Technical Detail: HTTPS stands for hyper-text-transfer-protocol-secure. It ensures that a website is trusted (authentication) to interact with, and that data sent over a network (e.g., from your iPhone to said website) is encrypted in transit.
Advancements in the underlying HTTPS protocol have now made it ubiquitous. So, if we ascribe a similar outcome to federated learning, what are the advancements that need to occur in order for federated learning to become a standard vs. a luxury?
Firstly, if we look at what step-change event drove HTTPS to become the cool protocol on the block it was likely “HTTPS Everywhere”. A concerted effort by mainstream browsers, The Tor Project and EEF to enforce the usage of HTTPS due to increasingly sophisticated cyberattacks.
We’re witnessing a comparable trend play out across big tech in response to GDPR/CCPA. It was Google that invented federated learning after all.
To change gears — unsurprisingly, edge devices’ computational ability needs to increase.
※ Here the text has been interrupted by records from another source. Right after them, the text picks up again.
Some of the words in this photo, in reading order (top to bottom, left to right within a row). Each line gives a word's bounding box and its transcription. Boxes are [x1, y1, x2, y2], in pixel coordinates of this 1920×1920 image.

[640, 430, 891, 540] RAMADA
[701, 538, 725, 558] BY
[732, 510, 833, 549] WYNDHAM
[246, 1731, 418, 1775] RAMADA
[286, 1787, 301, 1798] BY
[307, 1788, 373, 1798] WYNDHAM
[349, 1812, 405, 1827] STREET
More available compute == less training/inference latency == a better training/inference experience.
Specialized processing units, and their corresponding frameworks, such as the Apple Neural Engine → CoreML, TPU → TensorFlow Lite, and GPU → CUDA/Triton are steadily providing edge devices with this ability.
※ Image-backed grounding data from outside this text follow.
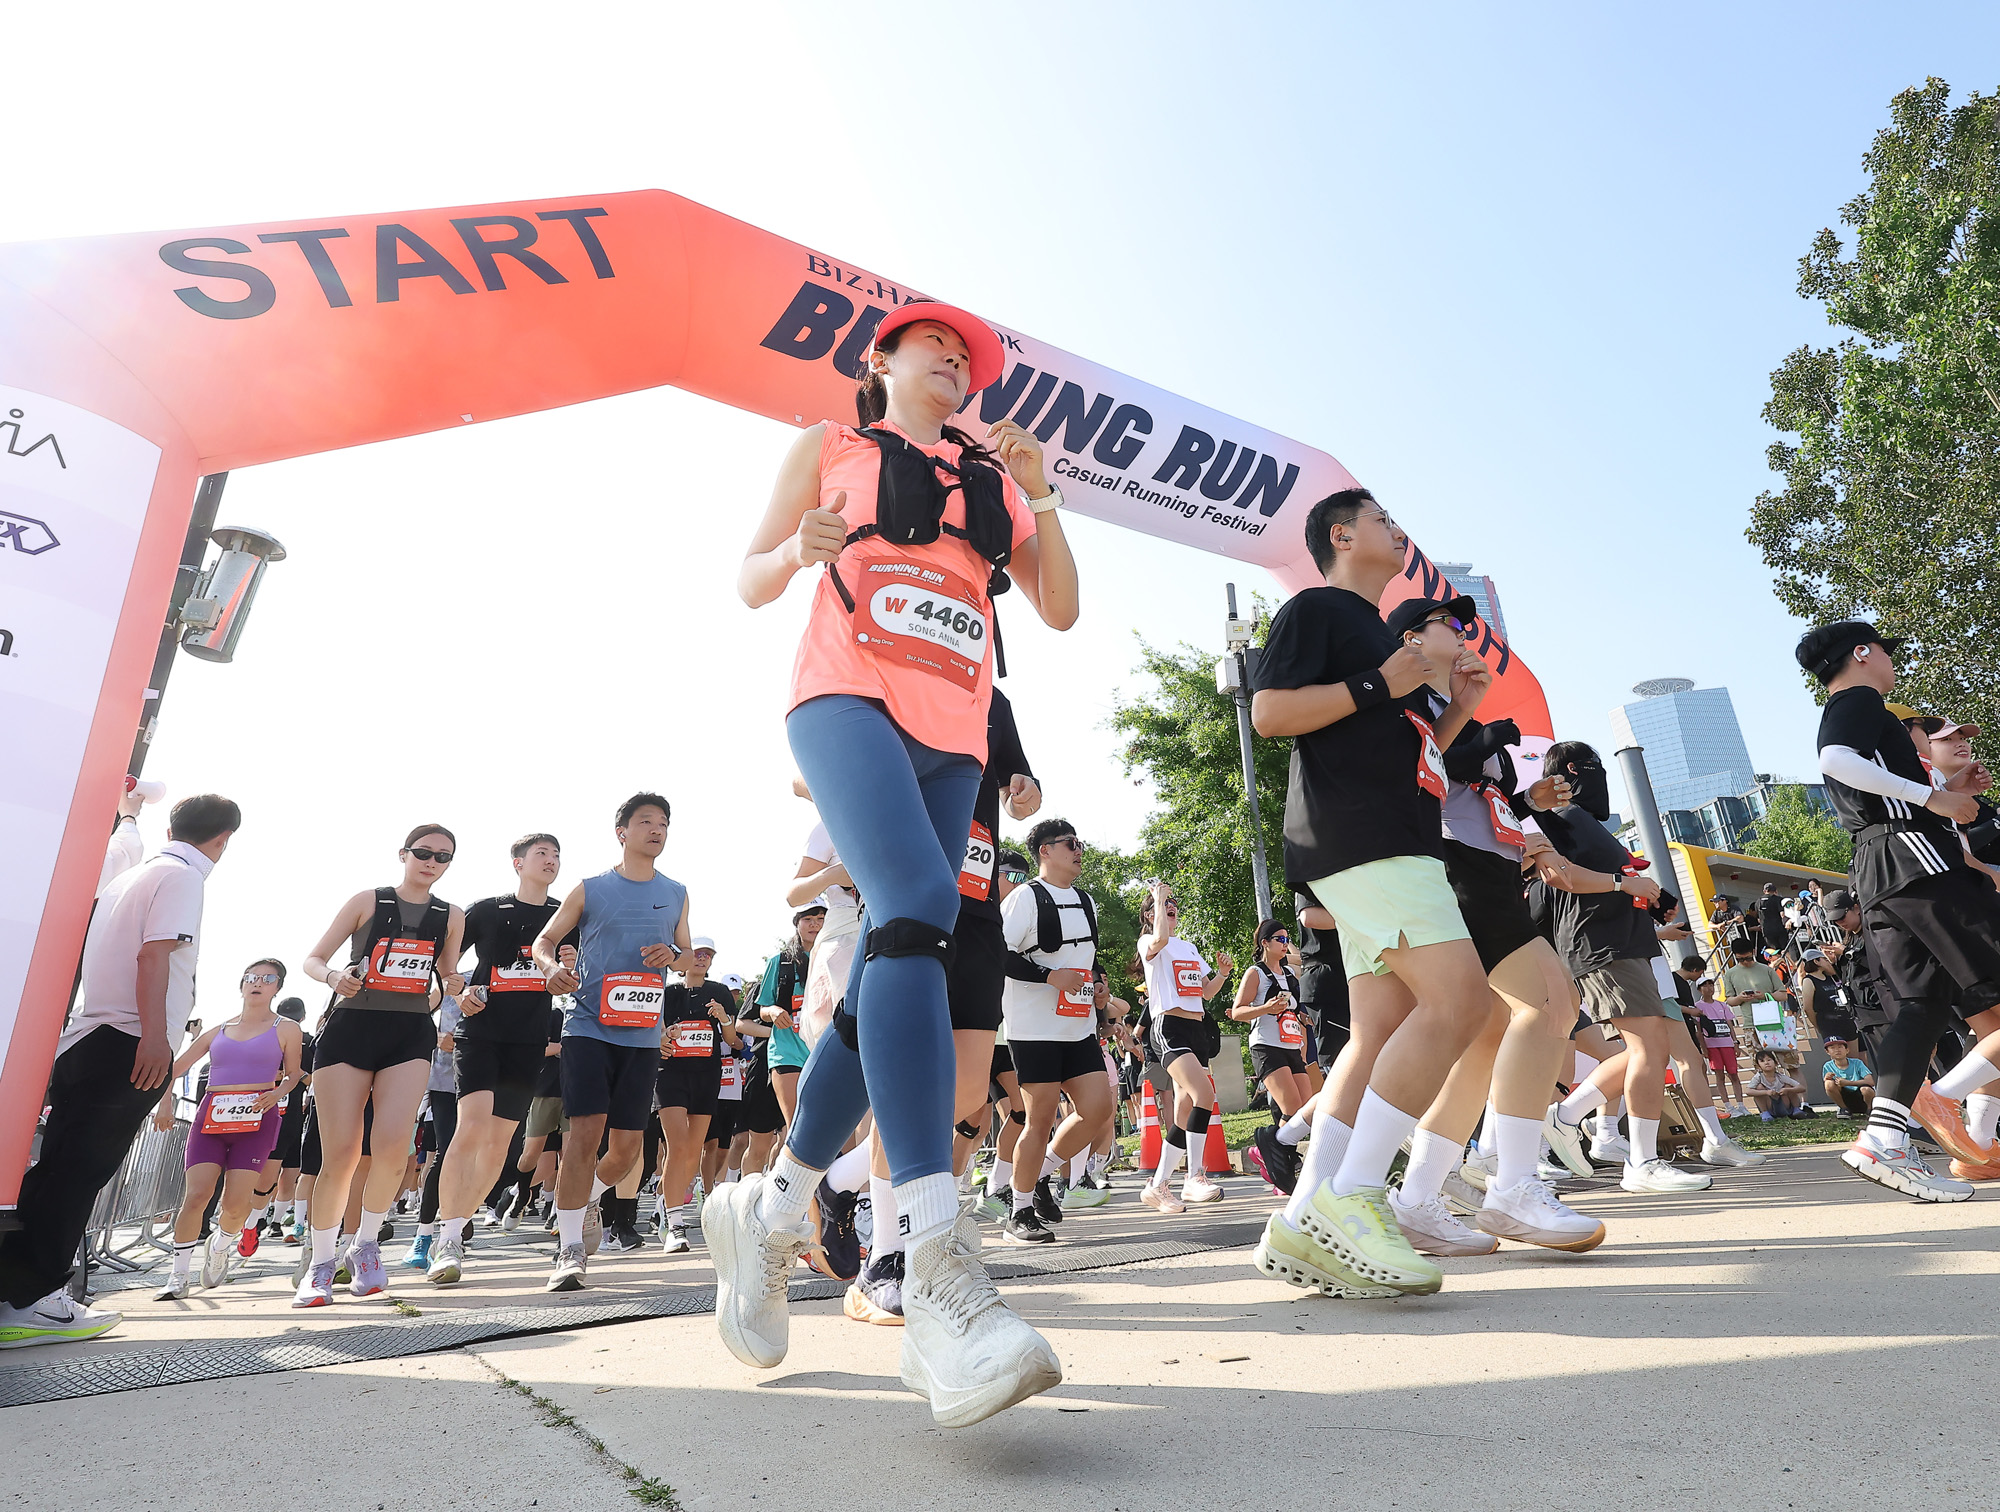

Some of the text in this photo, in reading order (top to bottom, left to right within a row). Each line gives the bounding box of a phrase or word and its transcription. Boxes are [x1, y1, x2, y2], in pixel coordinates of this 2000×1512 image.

[158, 207, 616, 319] START
[1155, 424, 1300, 518] RUN
[1053, 457, 1268, 537] Casual Running Festival
[867, 563, 946, 584] BURNING RUN
[885, 596, 909, 614] W
[914, 600, 984, 641] 4460
[870, 637, 895, 647] Bag Drop
[908, 622, 960, 649] SONG ANNA
[614, 991, 662, 1004] M 2087
[689, 1033, 713, 1041] 4535
** These processing units are confusing dw — I’ll break them down simply in another post **
More compute is great and all, but if edge devices can’t practically carry out this computation due to power/memory usage concerns, we're chasing our proverbial tails.
Sakib Dadi [ a friend/subscriber :) ] recently painted a comprehensive picture of improvements panning out from a power/memory usage perspective. I highly recommend reading his piece.
To inadequately sum up, there’s a field of machine learning known as TinyML that’s pioneering a number of methods to decrease “model size” (ie how much memory your model requires). This is important, as certain model architectures such as deep neural networks require an inordinate amount of memory. Remember, memory is far more constrained within edge devices (broadly due to these devices’ physical size).
** (Read in smug voice) Good luck training a model like GPT-3 on your iPhone! **
These compute, memory, and power challenges will continue to ebb and flow. However, if mobile’s history as a compute platform tells us anything it’s that we’d be naïve to bet against it.
One step closer to pip install(ing) the-worlds-data (and a good night’s sleep!).